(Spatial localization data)
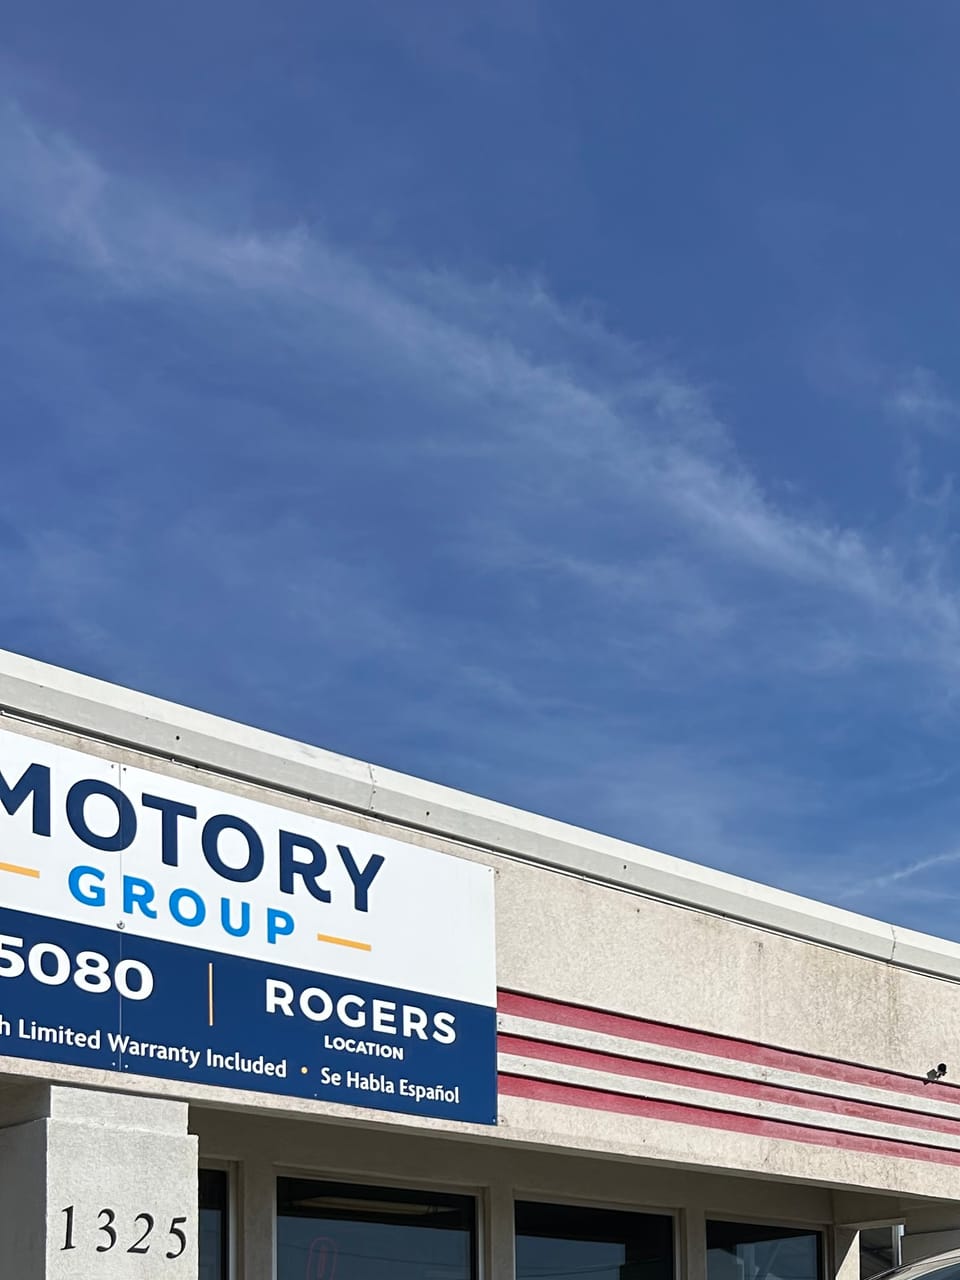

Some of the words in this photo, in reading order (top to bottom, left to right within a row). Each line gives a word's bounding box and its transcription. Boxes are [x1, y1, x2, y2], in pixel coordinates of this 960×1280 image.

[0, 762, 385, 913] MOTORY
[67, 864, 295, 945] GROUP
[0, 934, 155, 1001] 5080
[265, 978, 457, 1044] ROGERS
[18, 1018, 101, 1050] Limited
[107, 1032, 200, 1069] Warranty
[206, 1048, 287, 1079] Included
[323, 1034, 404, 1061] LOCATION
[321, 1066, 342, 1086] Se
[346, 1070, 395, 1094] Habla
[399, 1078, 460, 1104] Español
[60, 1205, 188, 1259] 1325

WHAT TO WORK ON — The expected output is every entry above, character for character, with no pictures.

TASK RESPONSE —
Some of the words in this photo, in reading order (top to bottom, left to right within a row). Each line gives a word's bounding box and its transcription. Boxes are [x1, y1, x2, y2], in pixel coordinates of this 960×1280 image.

[0, 762, 385, 913] MOTORY
[67, 864, 295, 945] GROUP
[0, 934, 155, 1001] 5080
[265, 978, 457, 1044] ROGERS
[18, 1018, 101, 1050] Limited
[107, 1032, 200, 1069] Warranty
[206, 1048, 287, 1079] Included
[323, 1034, 404, 1061] LOCATION
[321, 1066, 342, 1086] Se
[346, 1070, 395, 1094] Habla
[399, 1078, 460, 1104] Español
[60, 1205, 188, 1259] 1325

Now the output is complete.